Kaspersky links suspected Chinese hackers to a backdoor attack involving Daemon Tools

Security researchers at Kaspersky say they have uncovered a malicious backdoor embedded in the widely used Windows disc imaging software Daemon Tools.

The Russian cybersecurity firm said on Tuesday that telemetry data collected from systems running its antivirus software indicates a “widespread” attack is currently underway, affecting thousands of Windows computers that use Daemon Tools.

According to Kaspersky, the attackers — believed to be a Chinese-speaking threat group based on malware analysis — leveraged a backdoor in Daemon Tools to deploy additional malicious payloads across a dozen systems. These targeted systems span industries including retail, scientific research, manufacturing, and government infrastructure. The company noted that the selection of victims suggests a highly “targeted” campaign.

The affected organisations are located in Russia, Belarus, and Thailand.

Kaspersky reported that the backdoor activity was first detected on April 8.

The firm also said it had notified Disc Soft, the developer behind Daemon Tools, though it did not confirm whether the company responded or implemented mitigation steps. According to Kaspersky, the supply chain attack remains “still active,” suggesting that attackers may continue distributing malware through the compromised software to a large number of users.

This incident adds to a growing list of supply chain attacks targeting widely used software providers. In such attacks, hackers compromise developer environments or distribution channels to inject malicious code into legitimate software updates, enabling them to infiltrate many systems simultaneously.

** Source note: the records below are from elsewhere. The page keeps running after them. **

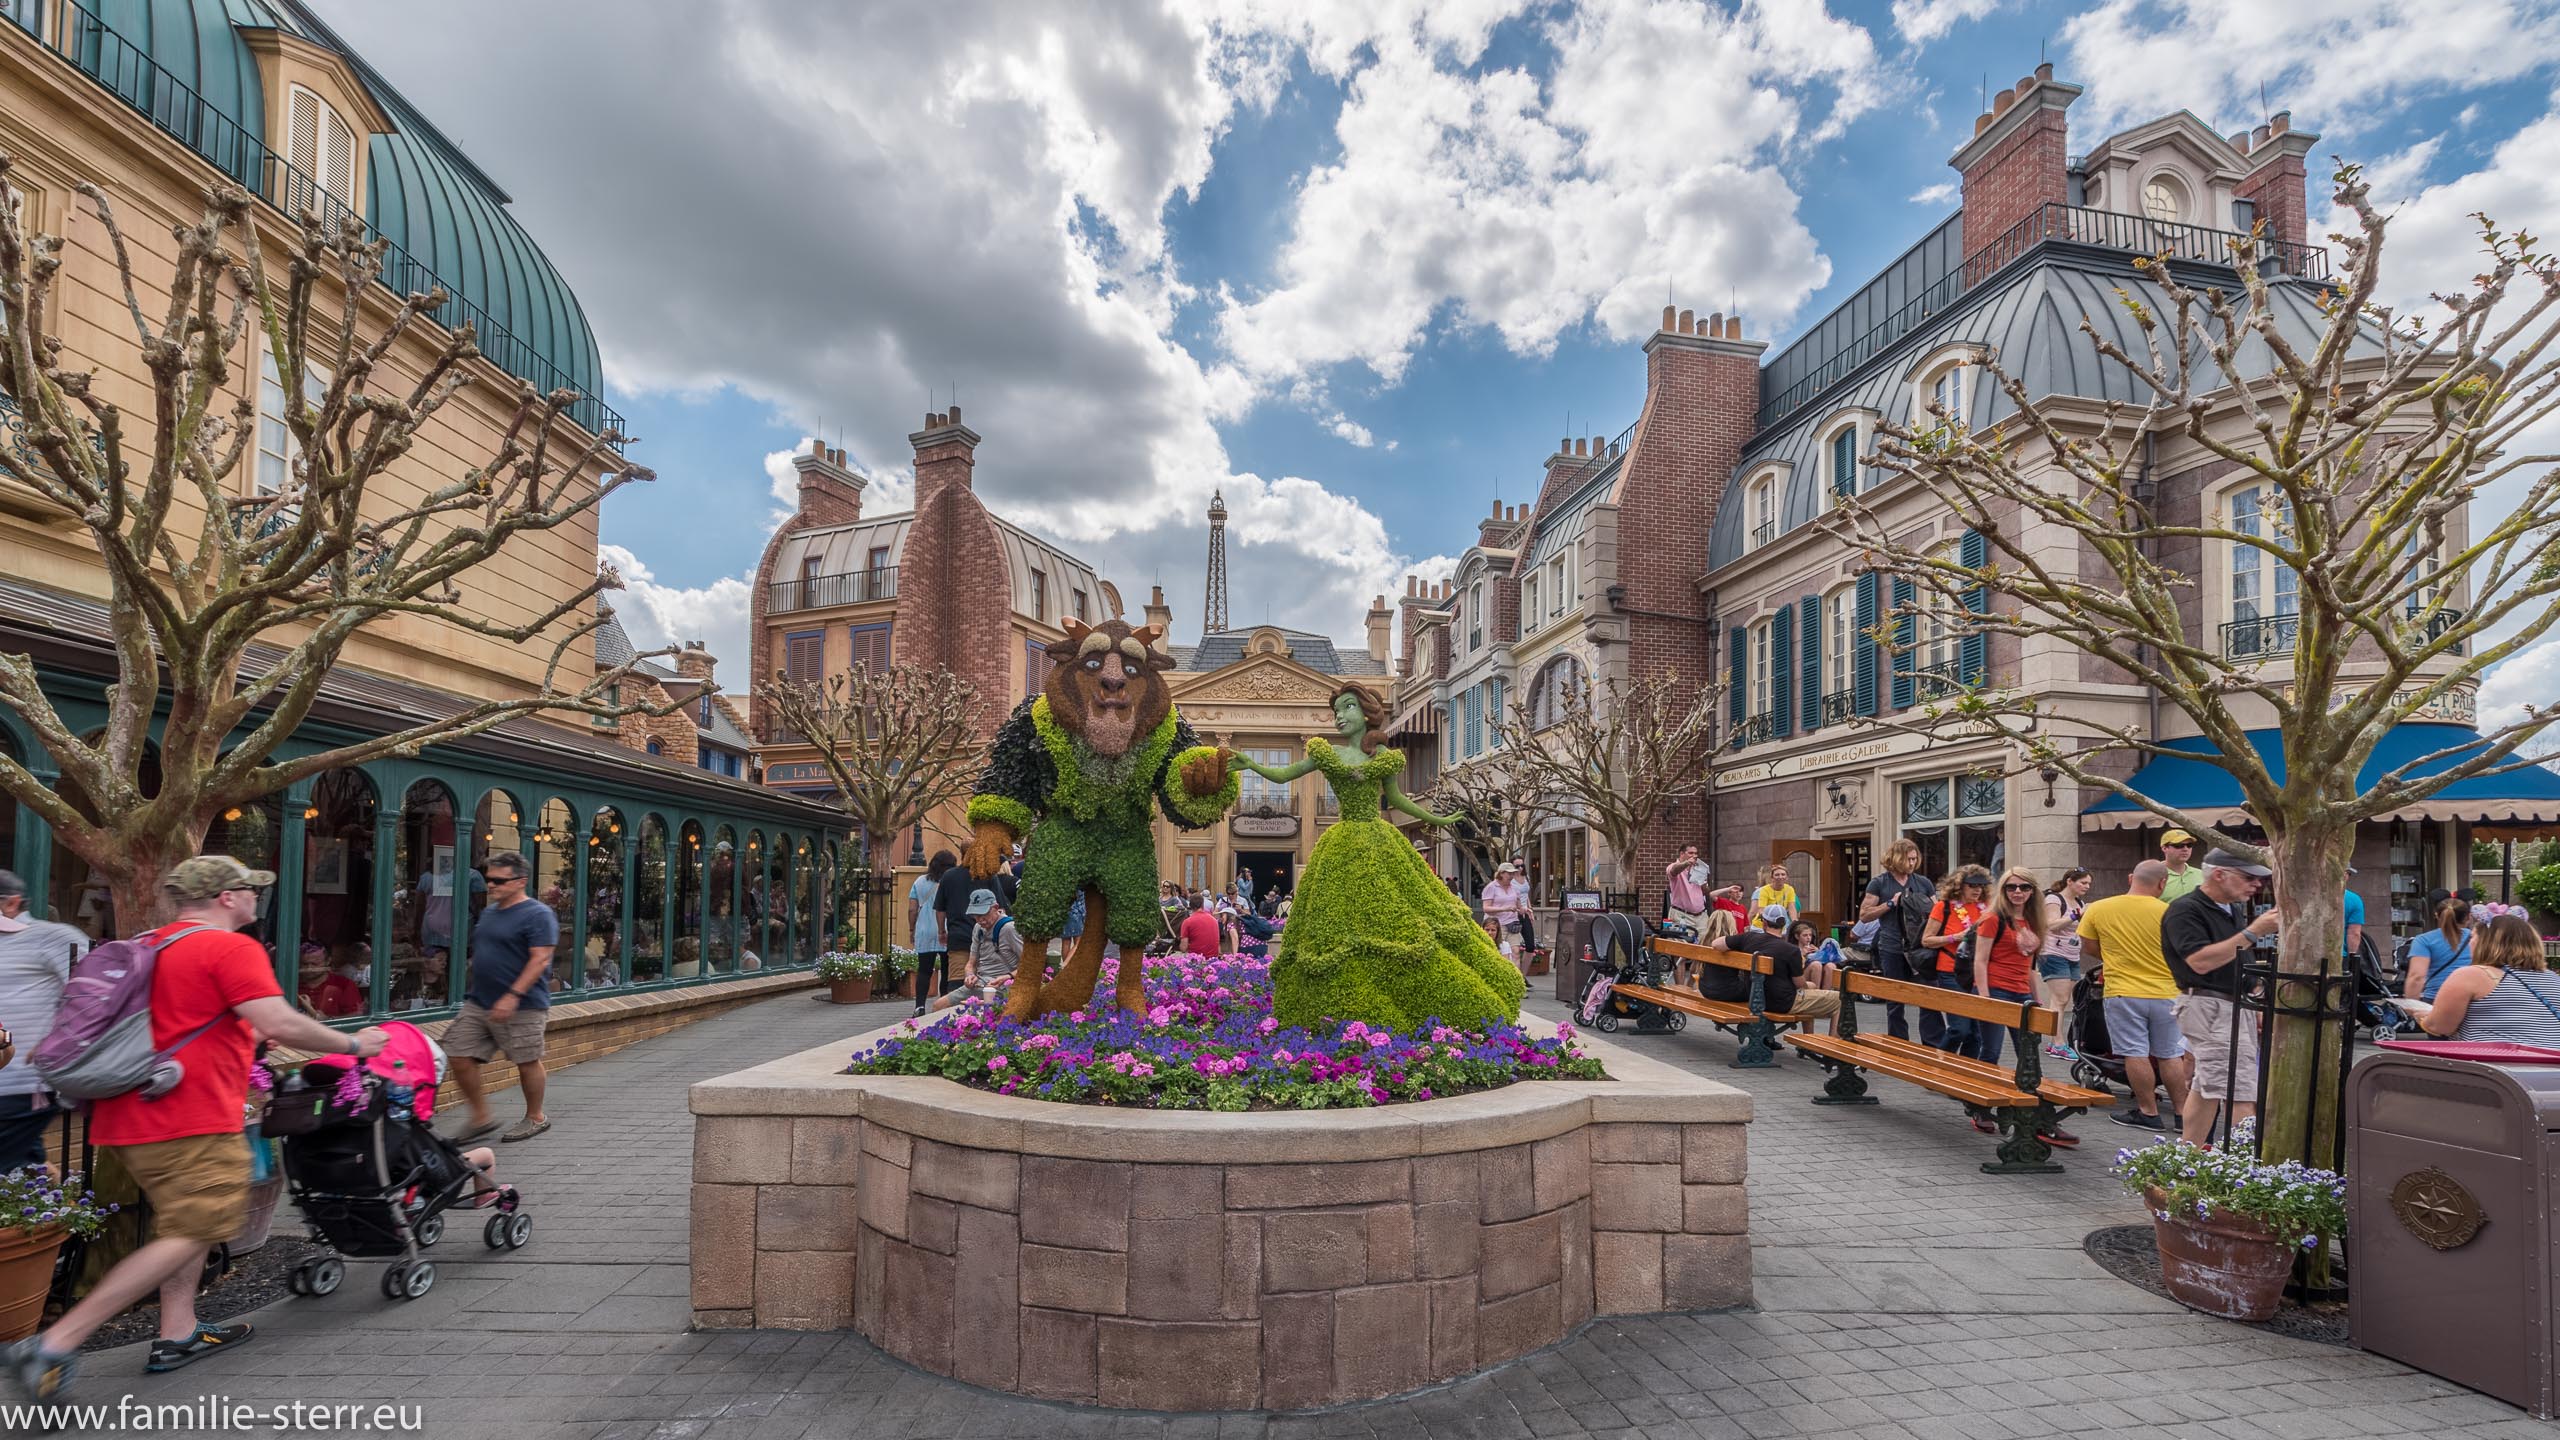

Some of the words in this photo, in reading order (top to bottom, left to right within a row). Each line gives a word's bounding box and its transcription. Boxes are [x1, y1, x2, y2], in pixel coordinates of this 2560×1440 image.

[1799, 751, 1840, 770] LIBRAIRIE
[1849, 742, 1890, 761] GALERIE
[794, 767, 805, 778] La
[1723, 768, 1762, 784] BEAUX-ARTS
[1244, 819, 1287, 827] IMPRESSIONS

Earlier this year, attackers linked to the Chinese government reportedly compromised the popular text editor Notepad++ to distribute malware to organisations connected to East Asia. More recently, researchers warned of another incident involving users who visited the website of CPUID, the company behind widely used tools like HWMonitor and CPU-Z.

Further analysis revealed that after downloading the Windows installer directly from the Daemon Tools website, the file appeared to contain the backdoor when scanned using the online malware detection service VirusTotal.

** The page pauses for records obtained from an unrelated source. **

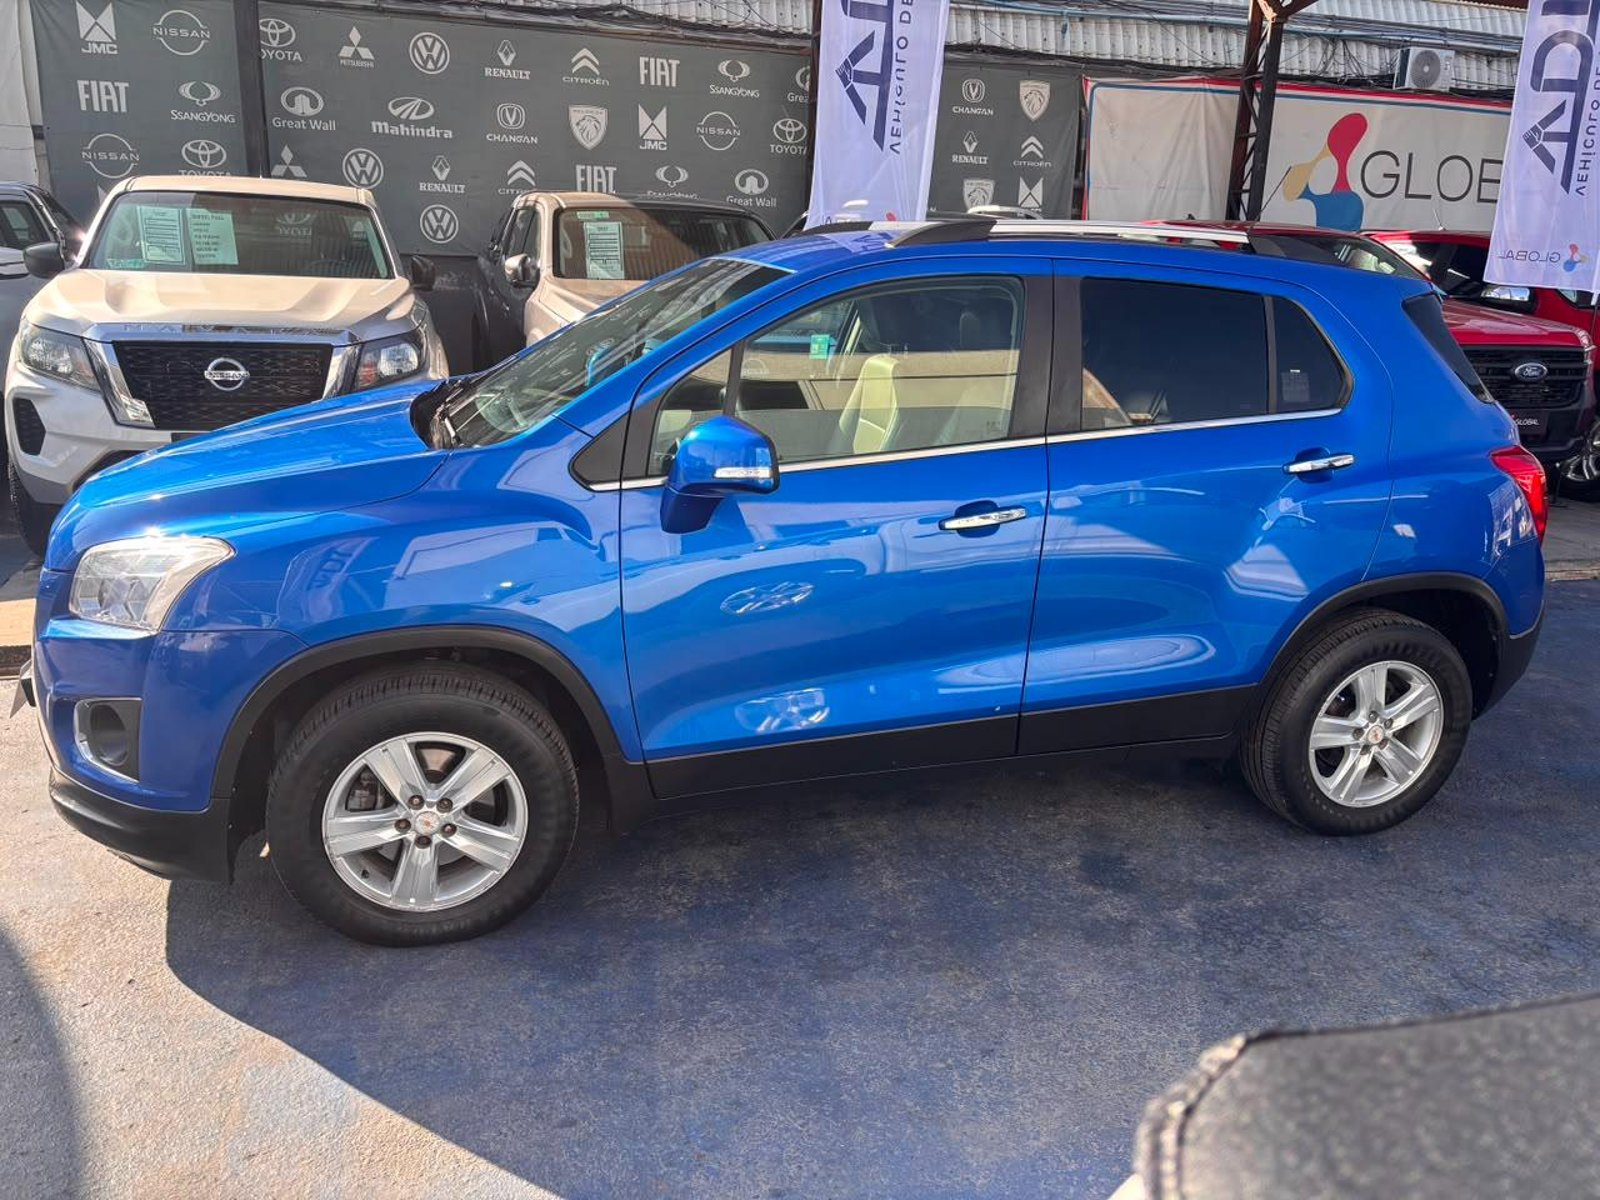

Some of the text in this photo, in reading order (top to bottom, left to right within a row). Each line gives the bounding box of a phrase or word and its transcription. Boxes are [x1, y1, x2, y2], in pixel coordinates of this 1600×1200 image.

[152, 27, 211, 38] NISSAN
[81, 42, 118, 55] JMC
[484, 67, 531, 80] RENAULT
[639, 56, 680, 87] FIAT
[77, 80, 129, 113] FIAT
[952, 106, 994, 116] CHANGAN
[272, 117, 336, 131] Great Wall
[696, 126, 741, 136] NISSAN
[486, 133, 538, 144] CHANGAN
[639, 140, 668, 151] JMC
[82, 151, 140, 161] NISSAN
[952, 154, 989, 165] RENAULT
[575, 164, 617, 194] FIAT
[419, 182, 465, 194] RENAULT
[726, 195, 777, 208] Great Wall

It remains unclear whether the macOS version of Daemon Tools has also been compromised or if other applications developed by Disc Soft are affected. When asked for comment, a representative from Disc Soft stated that the company is “aware of the report and is currently investigating the situation.”

“Our team is treating this matter with the highest priority and is actively working to assess and address the issue. At this stage, we cannot confirm the specific details referenced in the report. However, we are taking all necessary steps to remediate any potential risks and to ensure the security of our users,” the representative said.